Required work:
Give back every record word for word, keeping the pictures out.
■ ■ ■ ■ ■ ■ ■
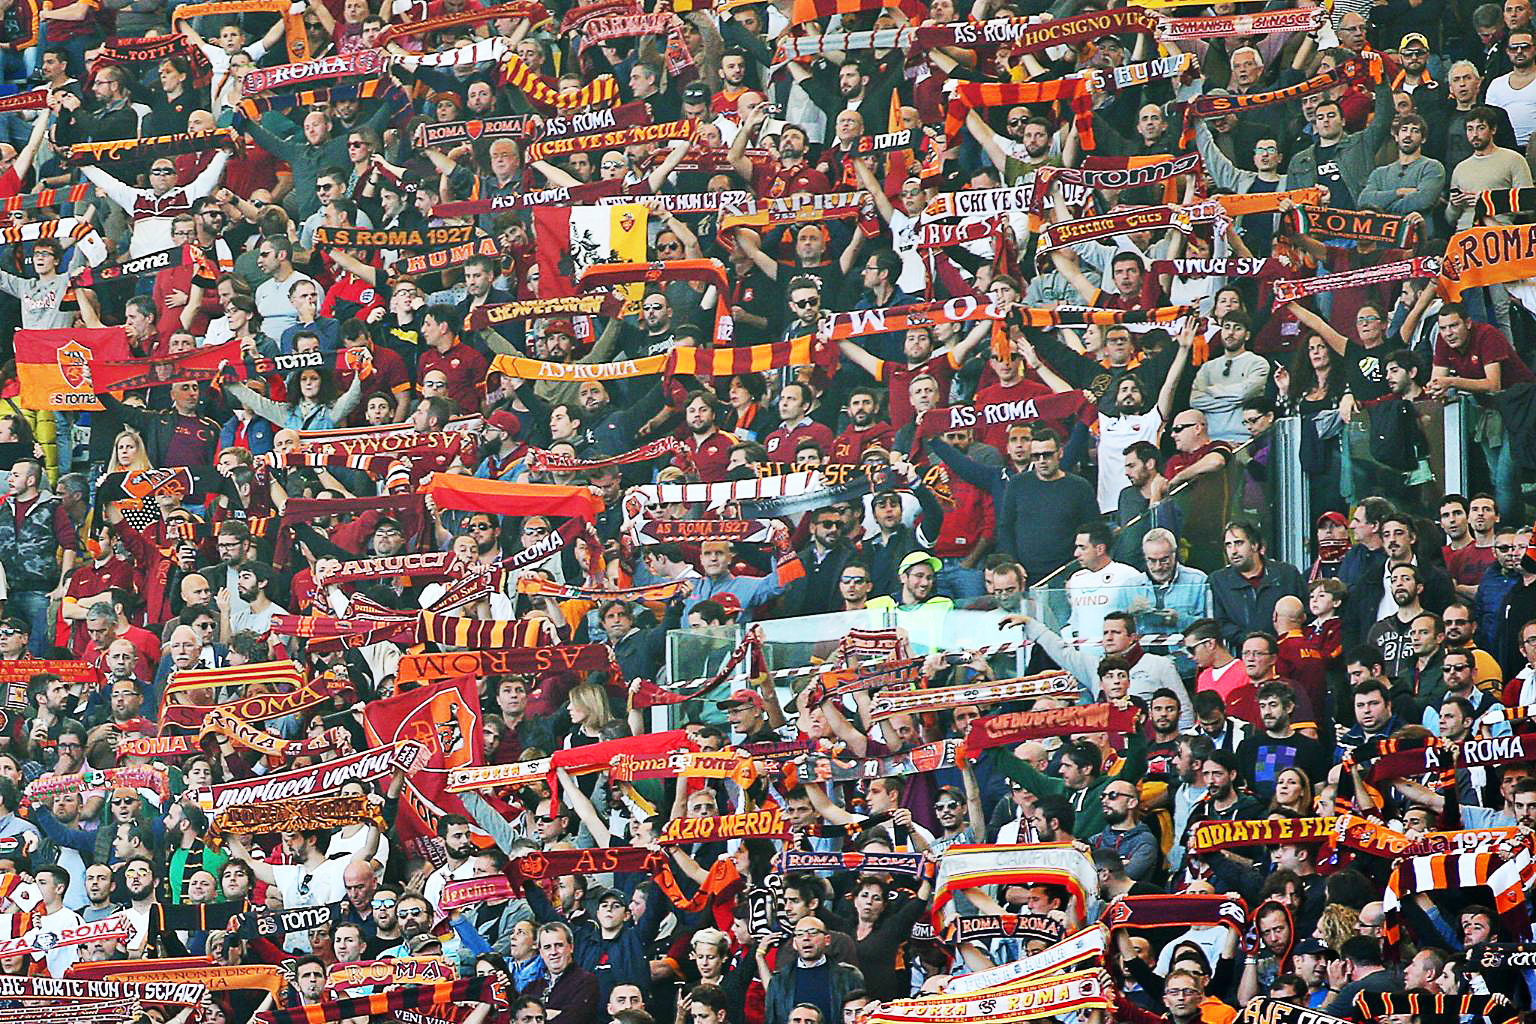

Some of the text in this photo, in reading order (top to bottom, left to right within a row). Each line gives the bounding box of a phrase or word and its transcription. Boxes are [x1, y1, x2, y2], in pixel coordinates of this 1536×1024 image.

[1026, 23, 1058, 46] HOC
[1059, 15, 1109, 40] SIGNO
[273, 56, 348, 84] ROMA
[1116, 55, 1191, 86] ROMA
[1236, 71, 1332, 106] roma
[429, 119, 522, 141] ROMA ROMA
[875, 131, 912, 150] roma
[541, 136, 570, 156] CHI
[577, 134, 599, 151] VE
[605, 130, 626, 148] SE
[1082, 153, 1198, 188] roma
[960, 193, 987, 214] CHI
[991, 191, 1012, 213] VE
[1015, 188, 1033, 209] SE
[317, 225, 472, 246] A.S. ROMA 1927
[1309, 212, 1398, 238] ROMA
[406, 238, 498, 273] ROMA
[1461, 226, 1536, 270] ROMA
[122, 251, 170, 275] roma
[275, 350, 324, 371] roma
[65, 393, 96, 405] roma
[656, 521, 749, 535] AS ROMA 1927
[513, 532, 564, 565] ROMA
[330, 552, 449, 577] PANUCCI
[538, 648, 582, 670] AS
[226, 685, 323, 721] ROMA
[210, 711, 276, 751] ROMA
[124, 735, 187, 755] ROMA
[1463, 736, 1525, 764] ROMA
[215, 751, 392, 809] mortacci vostra
[717, 809, 785, 838] MERDA
[1196, 819, 1294, 849] ODIATI E
[1454, 832, 1506, 850] 1927
[573, 849, 619, 872] AS
[789, 854, 917, 868] ROMA ROMA
[61, 919, 124, 940] ROMA
[280, 906, 332, 930] roma
[961, 917, 1059, 935] ROMA ROMA
[345, 960, 442, 983] ROMA
[33, 979, 84, 997] MORTE
[88, 980, 119, 997] NON
[123, 981, 140, 998] CI
[901, 987, 1072, 1018] FORZA ROMA
[394, 1010, 424, 1024] VENI
■ ■ ■ ■ ■ ■ ■
Solution to the problem:
Some of the text in this photo, in reading order (top to bottom, left to right within a row). Each line gives the bounding box of a phrase or word and its transcription. Boxes are [x1, y1, x2, y2], in pixel coordinates of this 1536×1024 image.

[1026, 23, 1058, 46] HOC
[1059, 15, 1109, 40] SIGNO
[273, 56, 348, 84] ROMA
[1116, 55, 1191, 86] ROMA
[1236, 71, 1332, 106] roma
[429, 119, 522, 141] ROMA ROMA
[875, 131, 912, 150] roma
[541, 136, 570, 156] CHI
[577, 134, 599, 151] VE
[605, 130, 626, 148] SE
[1082, 153, 1198, 188] roma
[960, 193, 987, 214] CHI
[991, 191, 1012, 213] VE
[1015, 188, 1033, 209] SE
[317, 225, 472, 246] A.S. ROMA 1927
[1309, 212, 1398, 238] ROMA
[406, 238, 498, 273] ROMA
[1461, 226, 1536, 270] ROMA
[122, 251, 170, 275] roma
[275, 350, 324, 371] roma
[65, 393, 96, 405] roma
[656, 521, 749, 535] AS ROMA 1927
[513, 532, 564, 565] ROMA
[330, 552, 449, 577] PANUCCI
[538, 648, 582, 670] AS
[226, 685, 323, 721] ROMA
[210, 711, 276, 751] ROMA
[124, 735, 187, 755] ROMA
[1463, 736, 1525, 764] ROMA
[215, 751, 392, 809] mortacci vostra
[717, 809, 785, 838] MERDA
[1196, 819, 1294, 849] ODIATI E
[1454, 832, 1506, 850] 1927
[573, 849, 619, 872] AS
[789, 854, 917, 868] ROMA ROMA
[61, 919, 124, 940] ROMA
[280, 906, 332, 930] roma
[961, 917, 1059, 935] ROMA ROMA
[345, 960, 442, 983] ROMA
[33, 979, 84, 997] MORTE
[88, 980, 119, 997] NON
[123, 981, 140, 998] CI
[901, 987, 1072, 1018] FORZA ROMA
[394, 1010, 424, 1024] VENI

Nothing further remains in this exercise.